The Ponemon Institute surveyed 649 respondents in corporate information technology (IT) departments worldwide, and found that organizations are wrestling with how to protect data from misuse by external and internal forces while expanding access to the same data to drive business initiatives. Highlighting these challenges, the survey reveals that:

  • Forty percent said their organizations don't monitor their databases for suspicious activity, or don't know if such monitoring occurs. More than half of these organizations have 500 or more databases — and the number of databases is growing.
  • "Trusted" insiders' ability to compromise critical data was cited as the most serious concern — with 57 percent perceiving inadequate protection against malicious insiders and 55 percent for "data loss" by internal entities.
  • Seventy-eight percent believe that databases are either critical or important to their business. Customer data represents the most common data type contained within these databases.
  • Customer/consumer and employee data rank 3rd and 4th respectively in regard to organizations' prioritization of what must be protected.

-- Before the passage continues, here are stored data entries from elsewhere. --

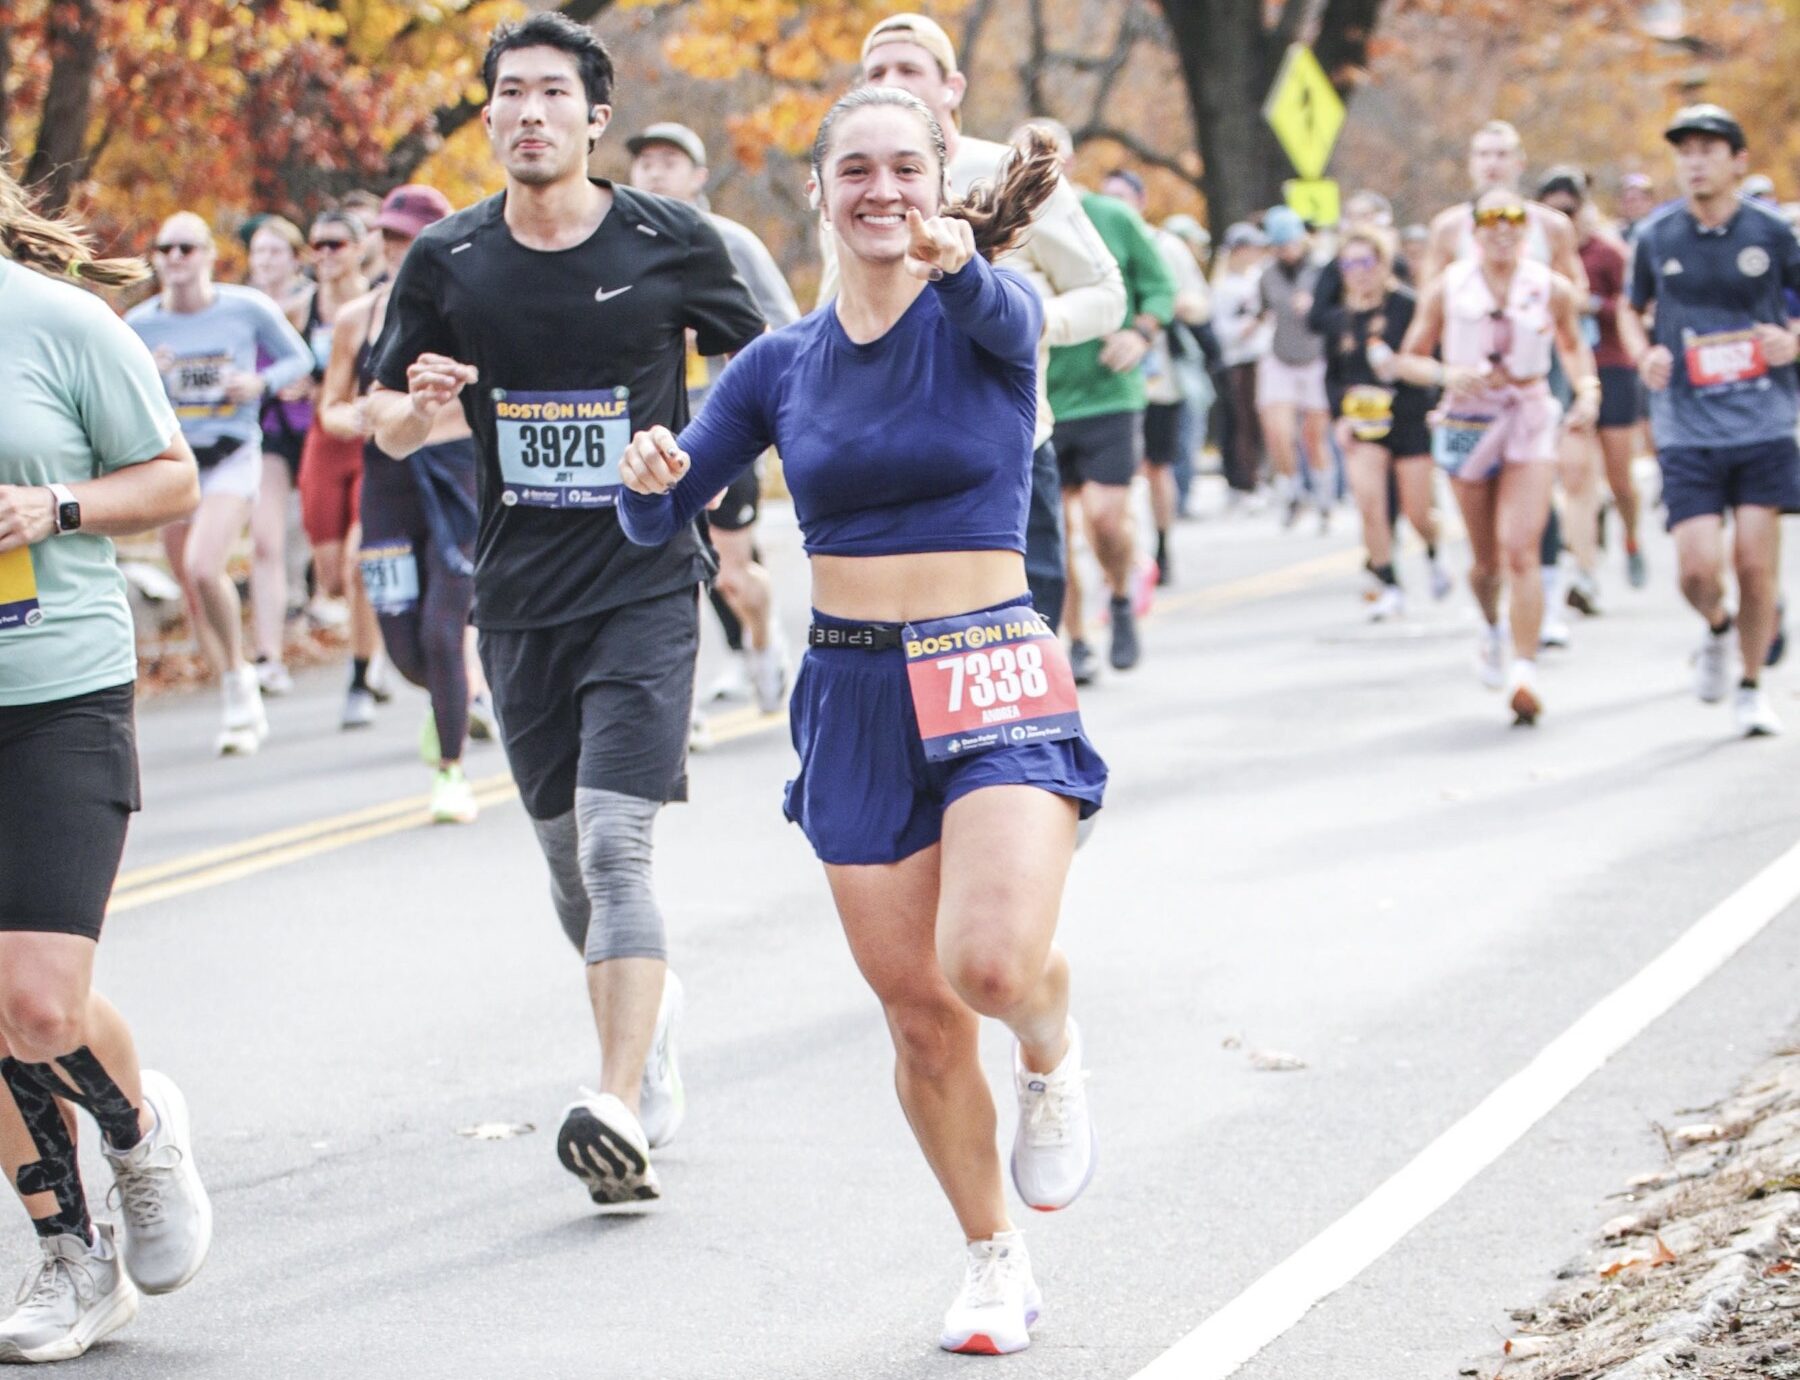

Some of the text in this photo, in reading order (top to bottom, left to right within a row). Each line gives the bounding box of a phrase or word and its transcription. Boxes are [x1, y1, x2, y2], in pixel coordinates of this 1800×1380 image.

[497, 401, 626, 420] BOSTON HALF
[519, 424, 605, 468] 3926
[906, 626, 1002, 658] BOSTON
[937, 644, 1048, 712] 7338
[982, 705, 1020, 723] ANDREA
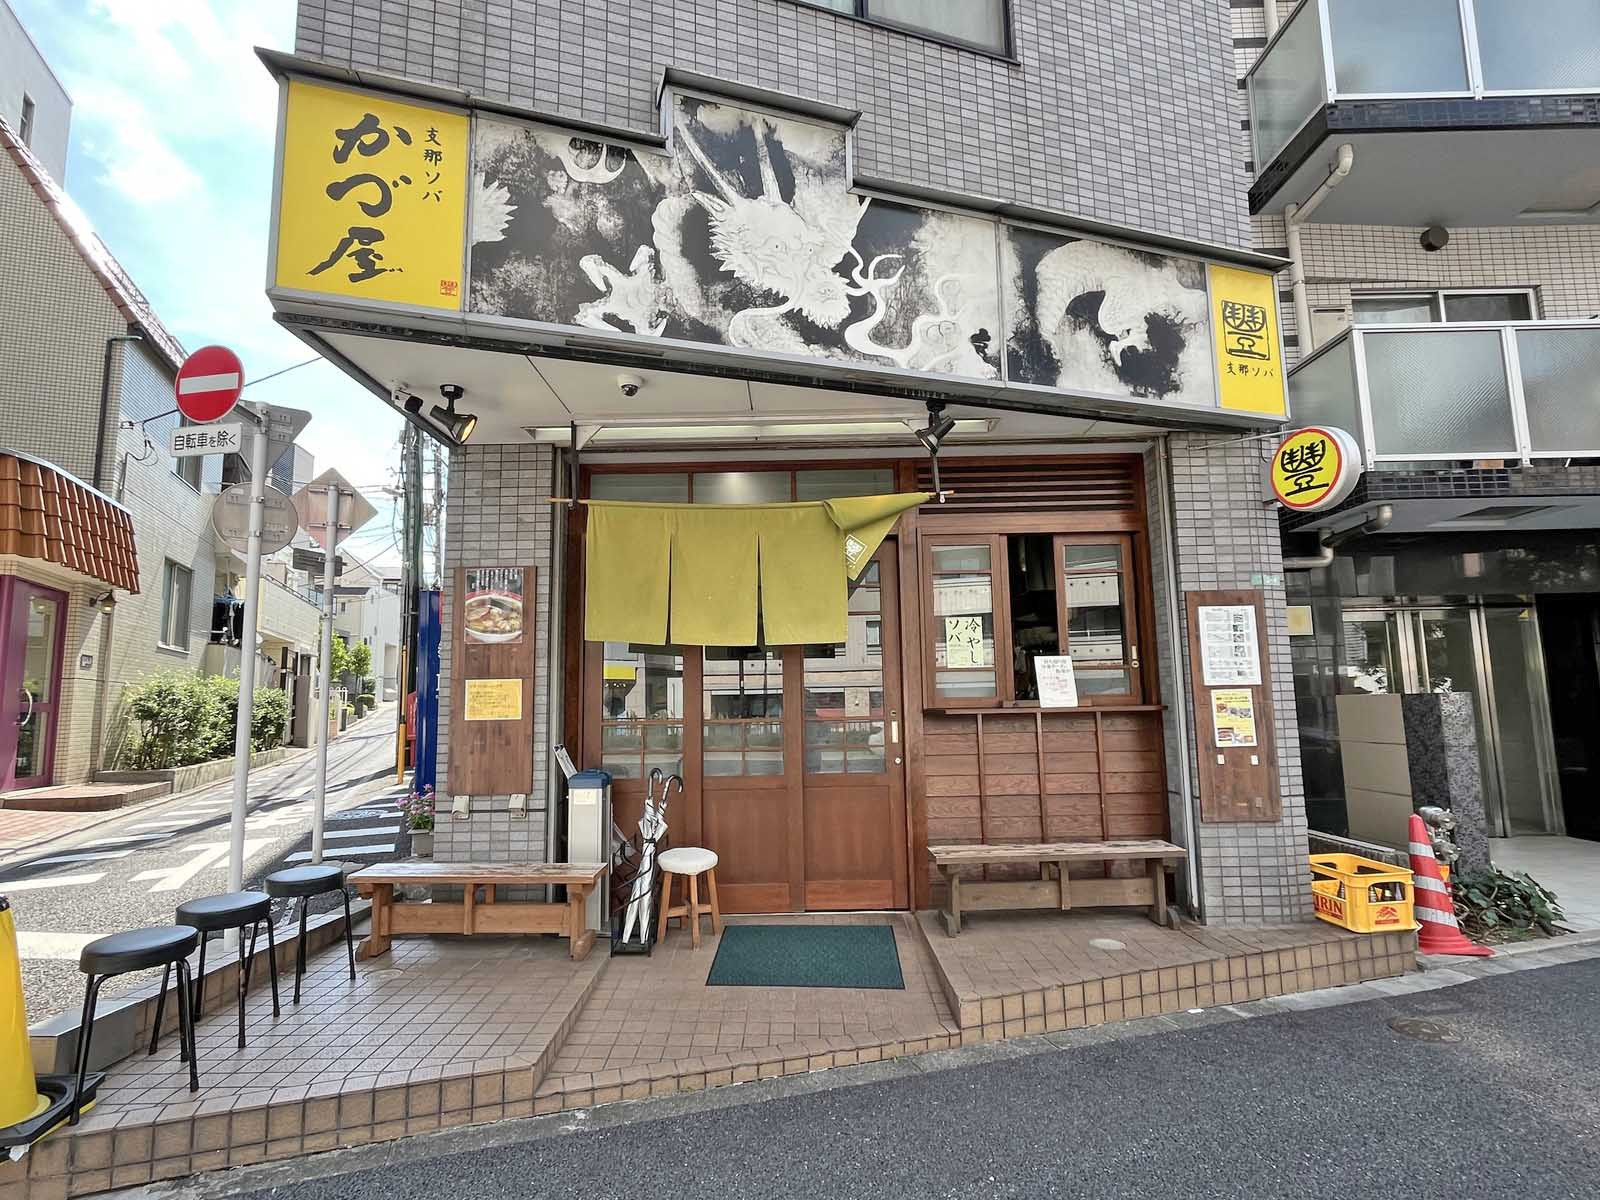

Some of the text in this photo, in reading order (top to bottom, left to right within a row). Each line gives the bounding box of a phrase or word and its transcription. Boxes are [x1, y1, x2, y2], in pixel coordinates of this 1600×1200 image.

[422, 127, 443, 202] 支那ソバ
[305, 112, 413, 283] かづ屋
[1226, 361, 1274, 377] 支那ソバ
[174, 430, 237, 451] 自転車を除く
[948, 619, 962, 643] ソバ
[965, 618, 981, 664] 冷やし
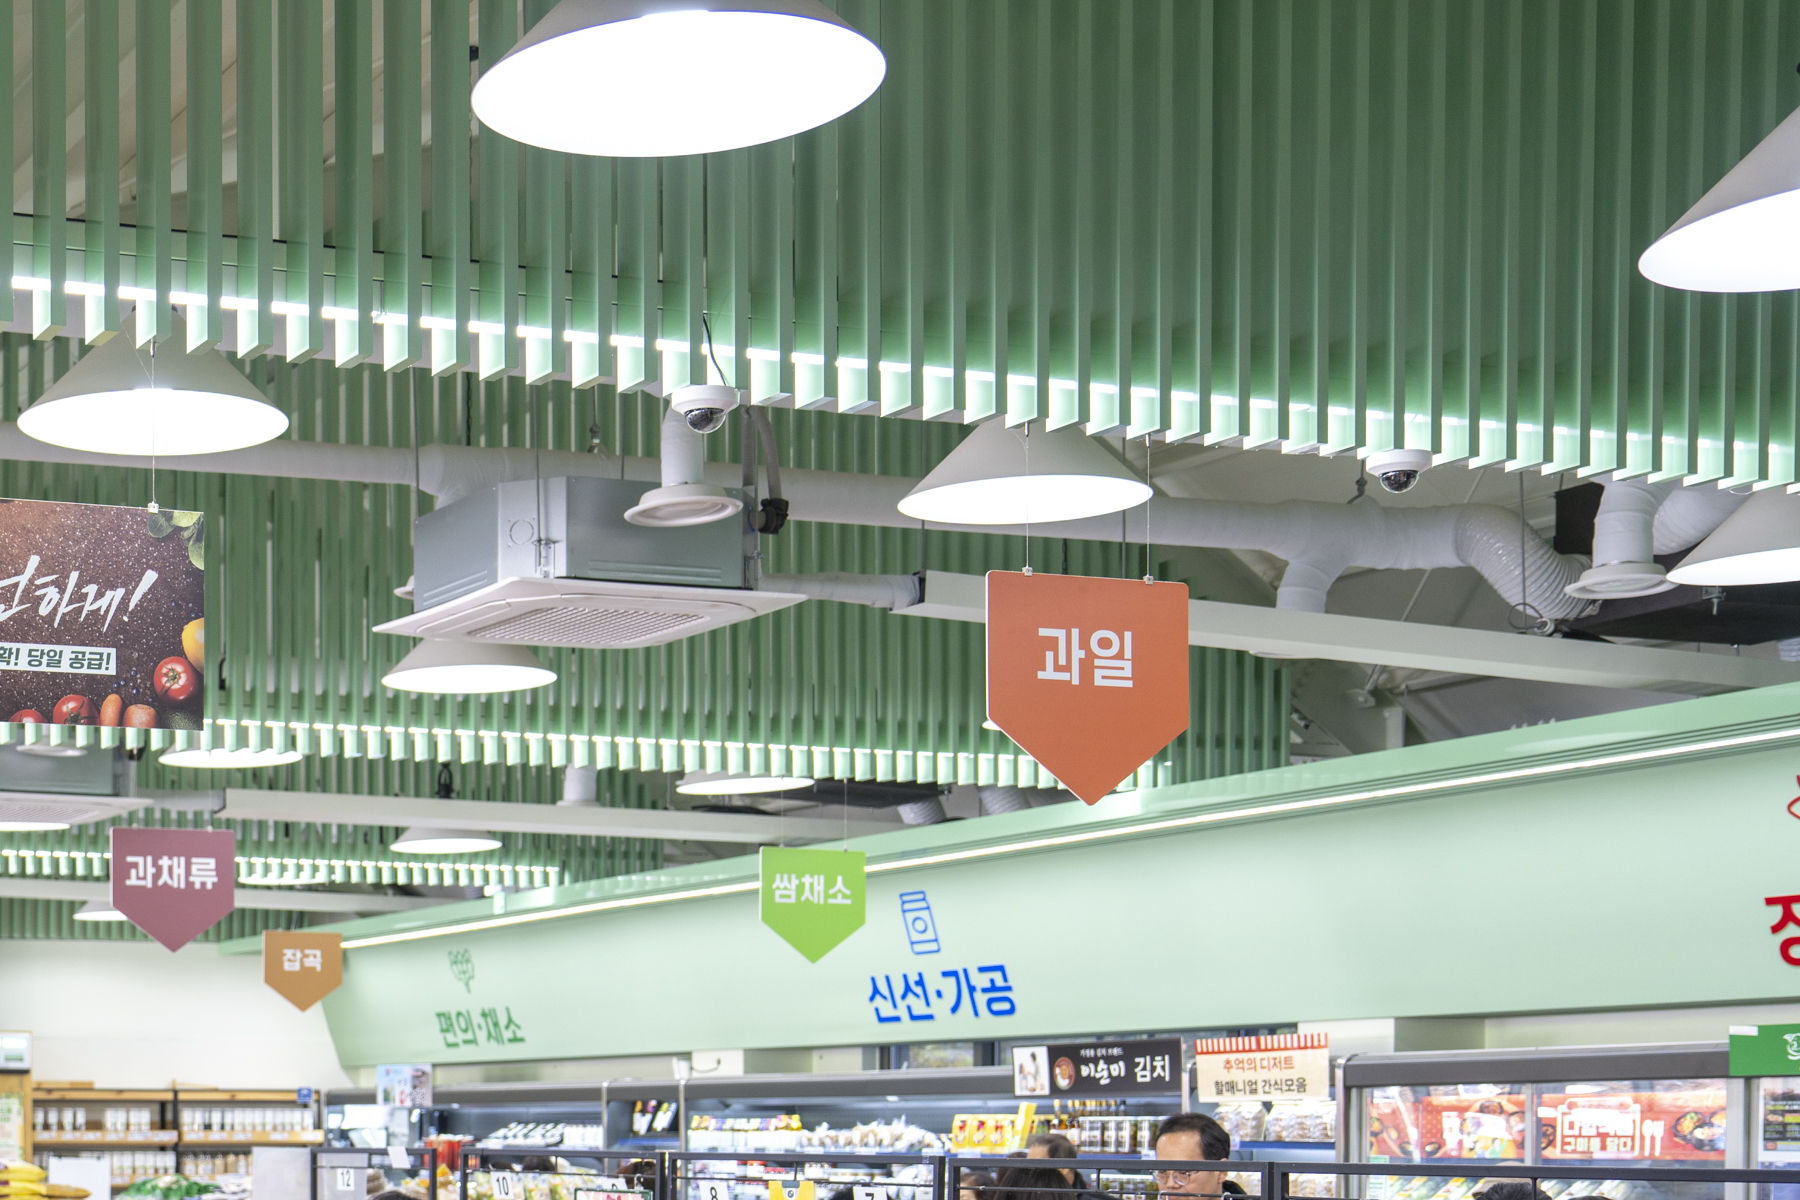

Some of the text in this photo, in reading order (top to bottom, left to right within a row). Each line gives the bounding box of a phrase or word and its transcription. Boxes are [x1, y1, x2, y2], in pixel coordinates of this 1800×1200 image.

The full report is available at: www.appsecinc.com/techdocs/whitepapers/2007-Ponemon -Database-Security-Study-Sponsored-by-Application-Security-Inc.pdf.

Websense Unveils Information Leak Prevention Software
Websense, Inc. has announced the development of the industry's first security software that integrates information leak prevention capabilities with Web categorization and filtering to provide organizations with a new level of information protection. According to Websense, this combination of content and destination awareness allows automated enforcement of who has access to what information, how the information can be used, and where it can be sent.

Websense Content Protection Suite v6 combines content and context awareness leveraging Web intelligence through integration with Websense's URL database and ThreatSeekerâ„¢ malicious content classification technology, as well as new context-based data recognition capabilities that increase detection accuracy and enable organizations to create and enforce powerful, user-specific data sharing policies.

The software is slated to be available this month.